• **Work order**
In your copy, include every record exactly and no pictures.

• **Materials provided**
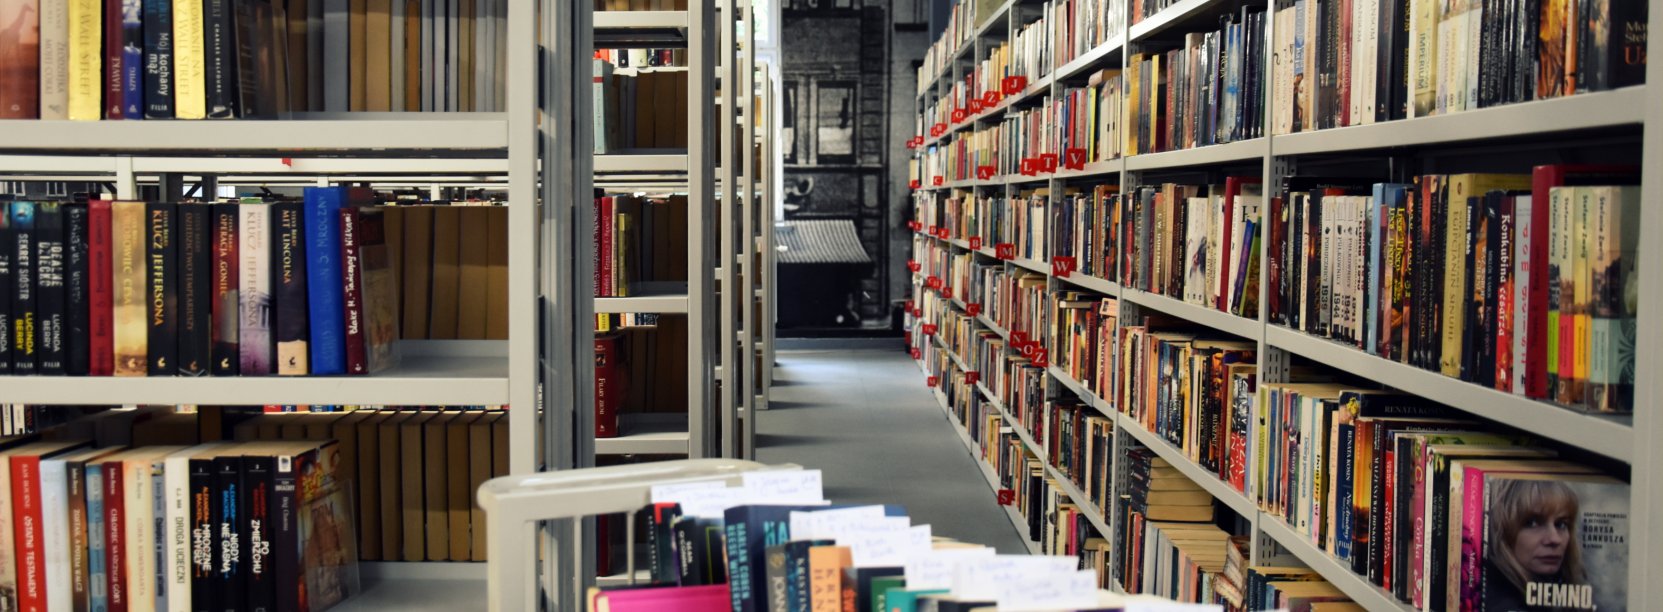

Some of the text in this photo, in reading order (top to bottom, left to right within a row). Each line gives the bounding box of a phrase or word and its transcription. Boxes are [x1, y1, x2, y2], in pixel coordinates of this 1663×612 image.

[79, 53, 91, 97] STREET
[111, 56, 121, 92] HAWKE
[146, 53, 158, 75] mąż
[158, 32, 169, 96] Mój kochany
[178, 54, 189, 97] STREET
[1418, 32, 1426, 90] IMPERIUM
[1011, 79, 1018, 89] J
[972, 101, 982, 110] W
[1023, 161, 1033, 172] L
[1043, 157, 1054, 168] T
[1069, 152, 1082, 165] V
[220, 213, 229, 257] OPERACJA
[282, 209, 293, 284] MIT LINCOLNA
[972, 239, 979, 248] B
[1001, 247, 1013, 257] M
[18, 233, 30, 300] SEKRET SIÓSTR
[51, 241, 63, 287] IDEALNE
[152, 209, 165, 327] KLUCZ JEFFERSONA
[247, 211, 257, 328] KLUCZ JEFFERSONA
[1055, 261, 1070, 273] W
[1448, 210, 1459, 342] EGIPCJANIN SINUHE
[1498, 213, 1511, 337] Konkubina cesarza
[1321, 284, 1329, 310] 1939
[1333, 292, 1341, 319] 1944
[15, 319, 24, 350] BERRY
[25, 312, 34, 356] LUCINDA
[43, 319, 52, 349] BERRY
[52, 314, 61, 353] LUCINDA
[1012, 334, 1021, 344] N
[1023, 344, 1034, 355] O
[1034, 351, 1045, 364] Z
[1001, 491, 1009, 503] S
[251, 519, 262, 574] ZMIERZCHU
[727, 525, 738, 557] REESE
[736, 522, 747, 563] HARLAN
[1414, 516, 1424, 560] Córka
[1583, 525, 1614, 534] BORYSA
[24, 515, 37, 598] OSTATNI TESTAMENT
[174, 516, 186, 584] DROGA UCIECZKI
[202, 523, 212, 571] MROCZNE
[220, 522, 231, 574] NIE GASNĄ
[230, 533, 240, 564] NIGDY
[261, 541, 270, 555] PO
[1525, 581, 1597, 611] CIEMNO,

• **Answer to this problem**
Some of the text in this photo, in reading order (top to bottom, left to right within a row). Each line gives the bounding box of a phrase or word and its transcription. Boxes are [x1, y1, x2, y2], in pixel coordinates of this 1663×612 image.

[79, 53, 91, 97] STREET
[111, 56, 121, 92] HAWKE
[146, 53, 158, 75] mąż
[158, 32, 169, 96] Mój kochany
[178, 54, 189, 97] STREET
[1418, 32, 1426, 90] IMPERIUM
[1011, 79, 1018, 89] J
[972, 101, 982, 110] W
[1023, 161, 1033, 172] L
[1043, 157, 1054, 168] T
[1069, 152, 1082, 165] V
[220, 213, 229, 257] OPERACJA
[282, 209, 293, 284] MIT LINCOLNA
[972, 239, 979, 248] B
[1001, 247, 1013, 257] M
[18, 233, 30, 300] SEKRET SIÓSTR
[51, 241, 63, 287] IDEALNE
[152, 209, 165, 327] KLUCZ JEFFERSONA
[247, 211, 257, 328] KLUCZ JEFFERSONA
[1055, 261, 1070, 273] W
[1448, 210, 1459, 342] EGIPCJANIN SINUHE
[1498, 213, 1511, 337] Konkubina cesarza
[1321, 284, 1329, 310] 1939
[1333, 292, 1341, 319] 1944
[15, 319, 24, 350] BERRY
[25, 312, 34, 356] LUCINDA
[43, 319, 52, 349] BERRY
[52, 314, 61, 353] LUCINDA
[1012, 334, 1021, 344] N
[1023, 344, 1034, 355] O
[1034, 351, 1045, 364] Z
[1001, 491, 1009, 503] S
[251, 519, 262, 574] ZMIERZCHU
[727, 525, 738, 557] REESE
[736, 522, 747, 563] HARLAN
[1414, 516, 1424, 560] Córka
[1583, 525, 1614, 534] BORYSA
[24, 515, 37, 598] OSTATNI TESTAMENT
[174, 516, 186, 584] DROGA UCIECZKI
[202, 523, 212, 571] MROCZNE
[220, 522, 231, 574] NIE GASNĄ
[230, 533, 240, 564] NIGDY
[261, 541, 270, 555] PO
[1525, 581, 1597, 611] CIEMNO,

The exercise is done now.